Abbi; You're right. We were so used to feeling nothing because of the ED, that when we chose to nourish ourselves and work against ED, we actually started feeling again..and feeling quite strong emotions. I remember crying my eyes out at the drop of a hat when I was in recovery in the past. But you put it in such a good way that I'm sort of beginning to understand why I felt like utter crap even when I reached my goal weight. Congratulations on gaining your much needed weight, really that is so inspiring. Allow yourself to feel these emotions and focus on continuing to move forward. =)
On my side, I didn't purge at all today but I didn't reach 2500..I logged it and I reached around 1500-1600, because in the past when increasing straight to 2500 my body rejected the quick leap. A quick question though, do you think I should jump straight to 2500 tomorrow or increase in smaller doses day by day/every few days? Thank you all for your help again!
im so pleased you are seeking help you poor girl dealing with all that. the first thing is dont think about what if , something im guilty of doing , its not helpful it will just call you more worry and send you back into the self destructive cycle again. focus on here and now. what can you you do now today ? the girls have pretty much summed up what you need to do , and if you cant do it be honest with people andtake ip it might just be the kick start you need , you need to get that positive energy balance back . please use the help , this post partically upset me as i had a friend when i was in hospital she was bulimic so trying to get better but still struggling with the purging , i never saw her again she went home on leave, because of her vomiting her pottasium levels got so low her heart stoped beating , they couldnt bring her round. this is hard to hear but reality , being underweight and purging is a death sentence in itself sorry to be hard but imso worried for you please take the help now and use it you cant do it alone h x
I'm sorry for upsetting you and thanks for your support. That's horrible to hear about your friend, and it is exactly the reason I am stopping this once and for all. I simply cannot afford to continue the way I was. That and I want to be able to live my life, I don't want my teeth falling out and damaged, I want to be able to think about things other than food and the way I look and failing myself. It's been almost 2 days now that I've gone purge free. It is such a habit that my body seems to almost ready itself to purge but I haven't.
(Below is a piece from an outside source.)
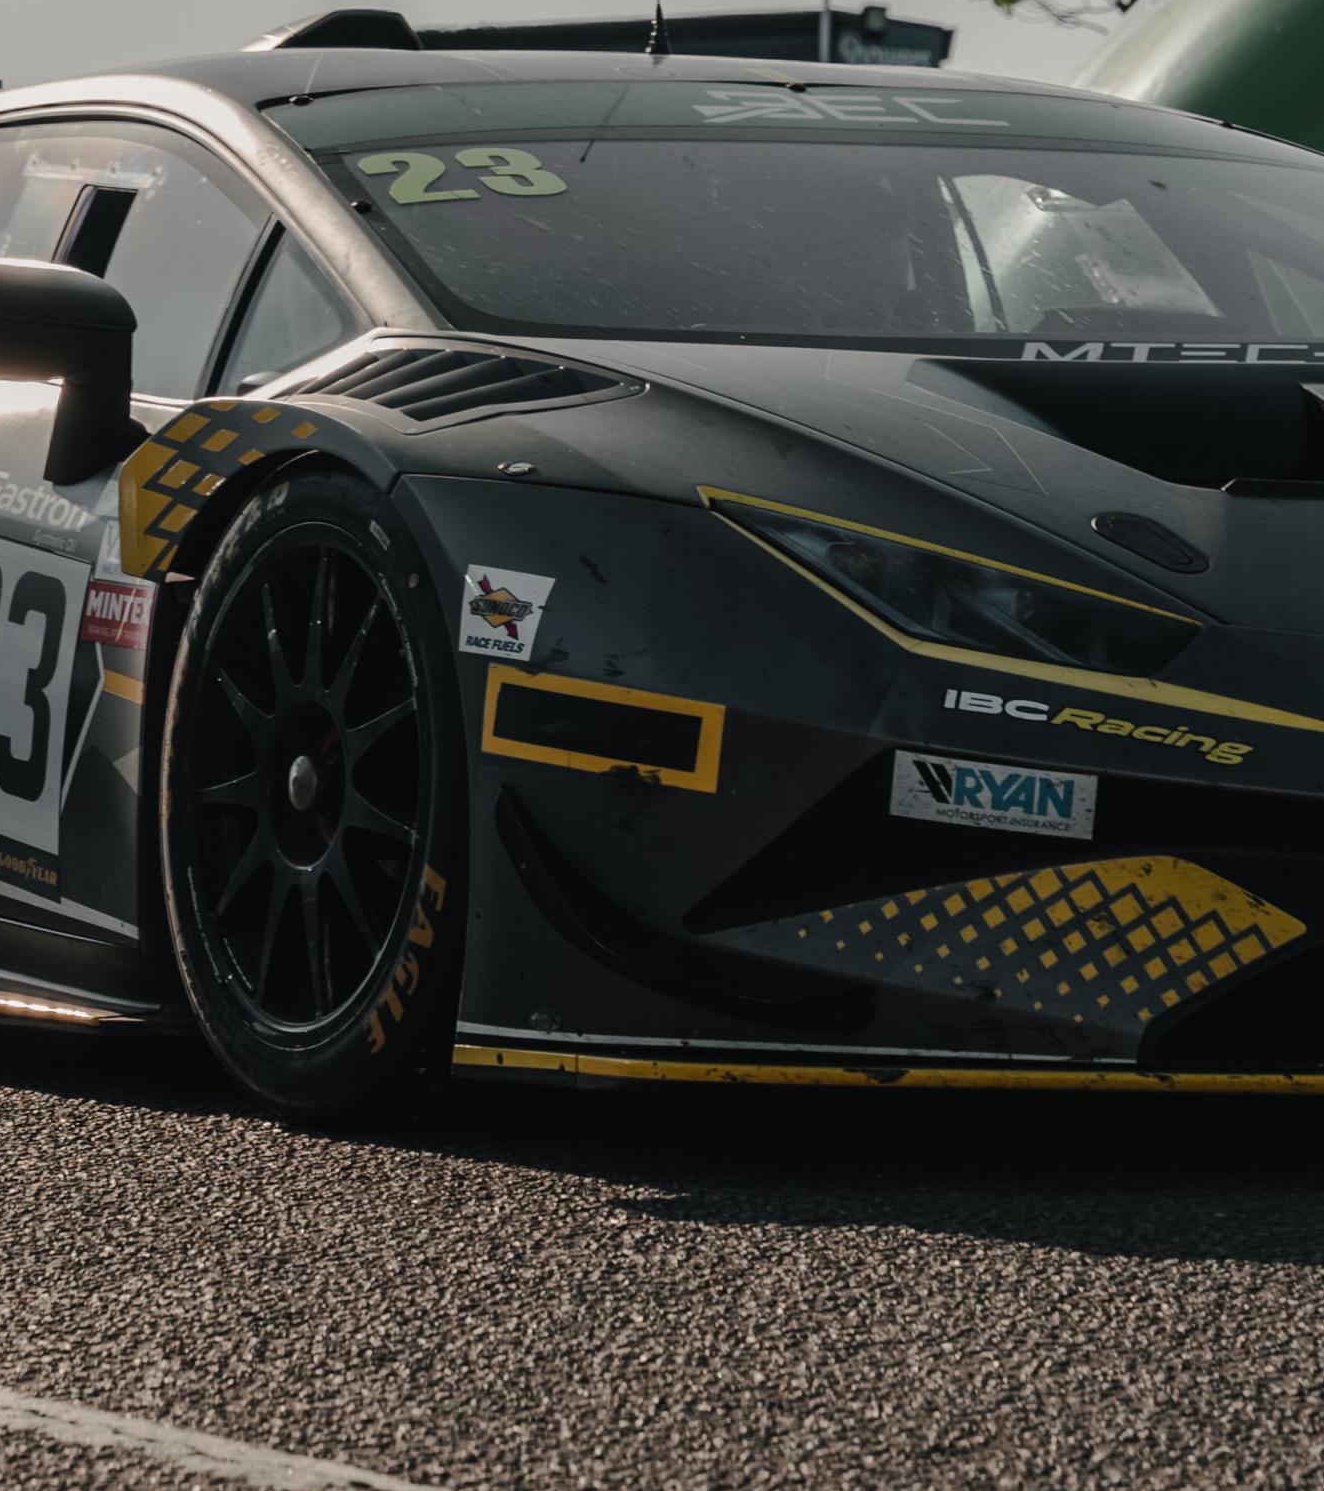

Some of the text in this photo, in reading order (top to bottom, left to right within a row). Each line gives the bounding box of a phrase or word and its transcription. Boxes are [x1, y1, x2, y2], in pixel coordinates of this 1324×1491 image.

well done in not doing this that must of been hard but you can do it, just make sure you are eating enough or else you just enter the vicious cycle again , everybody is thinking of you and here for you h x
I am glad you did not purge in 2 days that is great but you can't use that as why not to increase calories. Restricting which in your state 1500-1600 is, is not ok. Did you do an increase? Every body is different on how they increase and like I said you will have edema and feel uncomfotable until your body adjusts. I have done increases 2 ways I went up to 3000 in a week from a very low amount and also did 200 every 2 days increases. Really the end result was the same a better calorie status and to gain. Neither were easy or comfortable.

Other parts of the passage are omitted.